Straight women don’t get nearly the provocation on a daily basis — is it any wonder that 60% of the men who answered the Consumer Reports survey (on sex) thought about sex once a day, but only 19% of women?

No part of the male is fetished

No part of the male body is fetishized, either. Men stare at breasts and butts, but what are we supposed to look at? These fetishes may seem natural for men but they are actually a cultural construction. How are they created? In part, see the section above. Or see my piece called, “Men Aren’t Hard Wired To Find Breasts Attractive.” Ever wonder why tribal men don’t get all excited about tribal women’s breasts and butts?

Porn may lead men to think we get aroused by penises, but when Anthony Weiner sexted a photo of his package, Tracy Clark-Flory over at Salon asked women if being sexed a man’s penis would “do it” for them. Most expressed repulsion. Or as one put it, “If by ‘do it (for me)’ you mean ‘send me to the toilet retching,’ then yes, it does.”

Sexy men can seem “gay”

Women are not taught to consume the male body with their eyes, as men consume theirs. To make matters worse, pics of sexy men can seem “gay.” Since sexiness is almost always meant for the male gaze, on an unconscious level women can come to see “sexy” men – perhaps posed in Speedos — through male eyes, too. Bummer!

Women don’t feel sexy

Meanwhile, we might not feel too sexy, ourselves. Surrounded by the “perfect” images our partners consume, we might not feel too hot by comparison to ladies who live on lettuce, surgery and photoshop. Do we really want to reveal our bodies and be negatively judged? The opposite of an aphrodisiac.

Good girls shouldn’t

The double standard is loosening up but sexual women may still be called: slut, whore, ho’, tramp, skank, nympho, hussy, tart, loose, trollop… the list goes on. Men possess cocky cocks while women’s privates are just “down there.” College men returning home Sunday morning may take the Walk of Fame while the women they’ve just had sex with take the Walk of Shame. And so women’s sexuality becomes more repressed.

The problem of housework

Sometimes the problem is more mundane. Women do about twice as much housework as men. After a full day at work women are more likely than men to cook dinner, clean up, and get kids ready for bed. Then they’re too tired for sex and resent their husbands. Not a way to get in the mood.

Or, maybe mom works in the home where her “invisible” work gets noticed only when it’s undone.

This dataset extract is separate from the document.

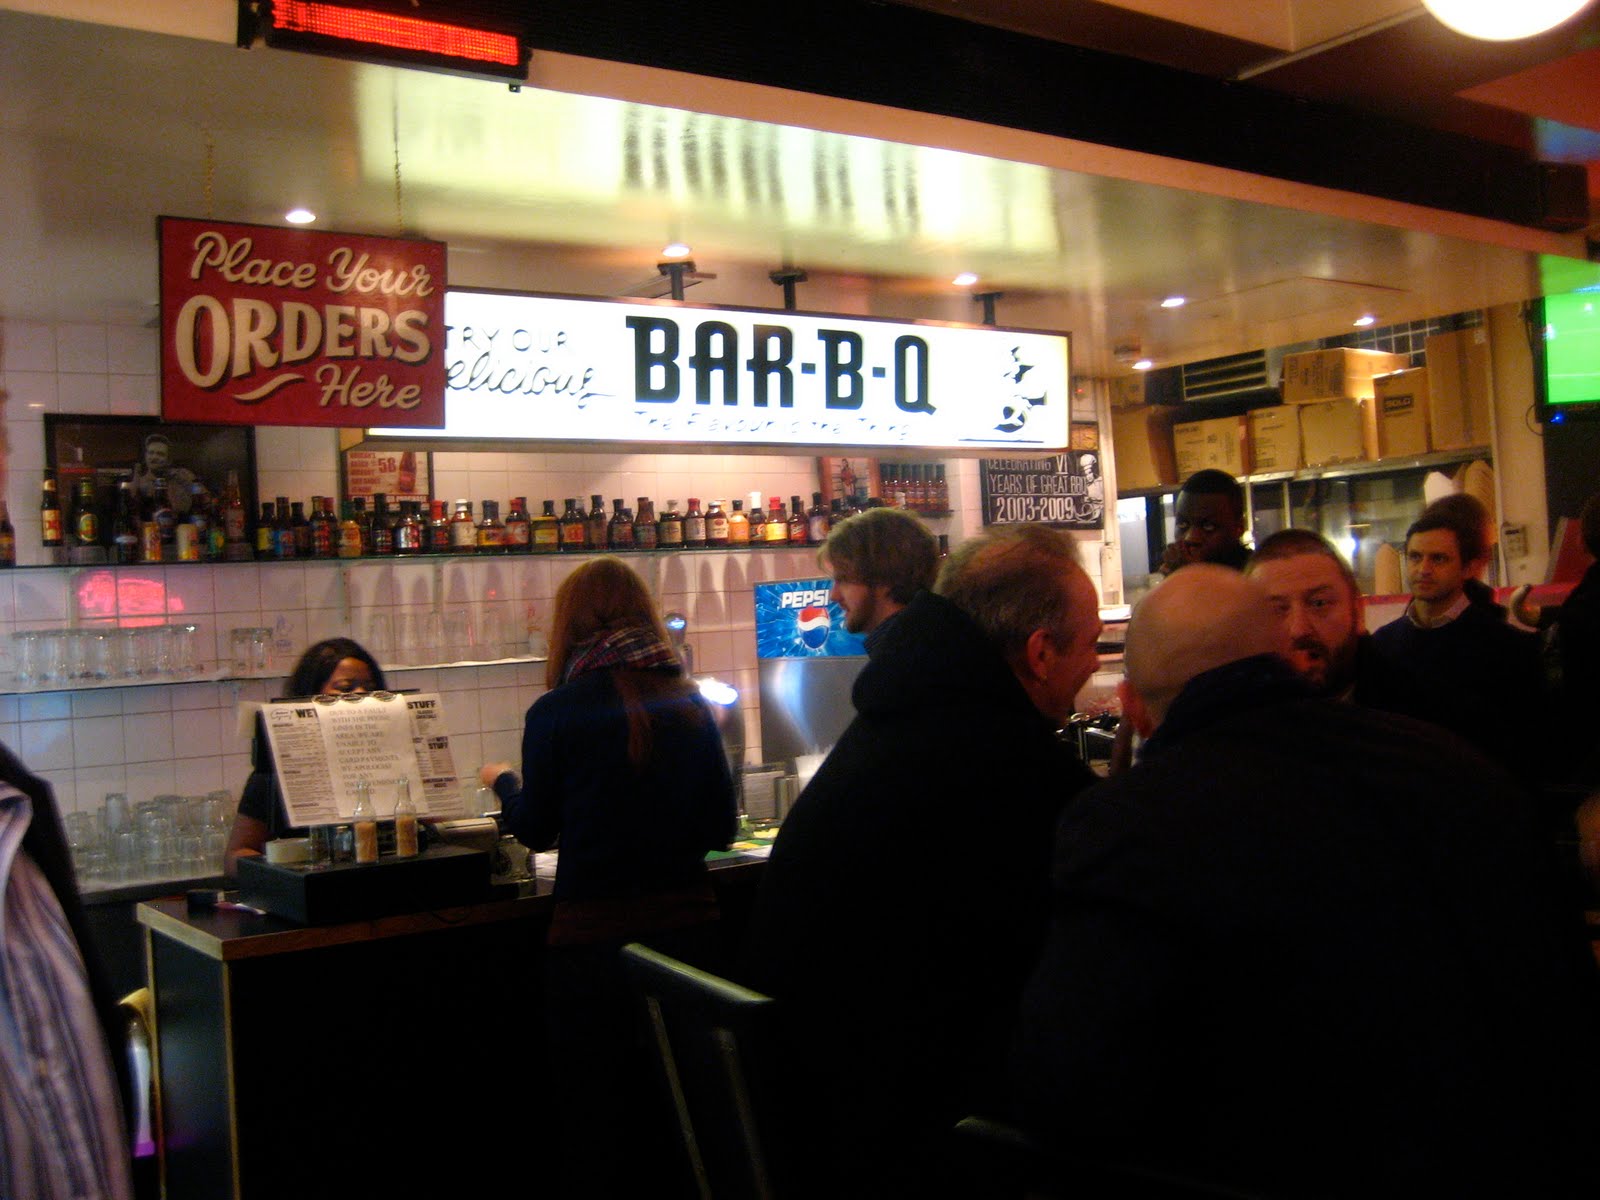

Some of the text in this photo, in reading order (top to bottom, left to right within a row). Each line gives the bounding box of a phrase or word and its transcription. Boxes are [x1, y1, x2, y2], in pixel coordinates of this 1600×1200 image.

A lack of appreciation won’t get anyone in the mood for love making.

Sexual violence

Sexual violence also takes a toll. Rape is most prevalent when women are devalued. And women who are raped often lose interest in sex. One woman I know of went numb and emotionally left her body when she had sex because a past rape had made sex seem terrifying and repugnant to her. “Desperate Housewife,” Teri Hatcher, was molested by an uncle who told her that one day she would like sex. That only made her close up more because she didn’t want to prove her disgusting uncle right.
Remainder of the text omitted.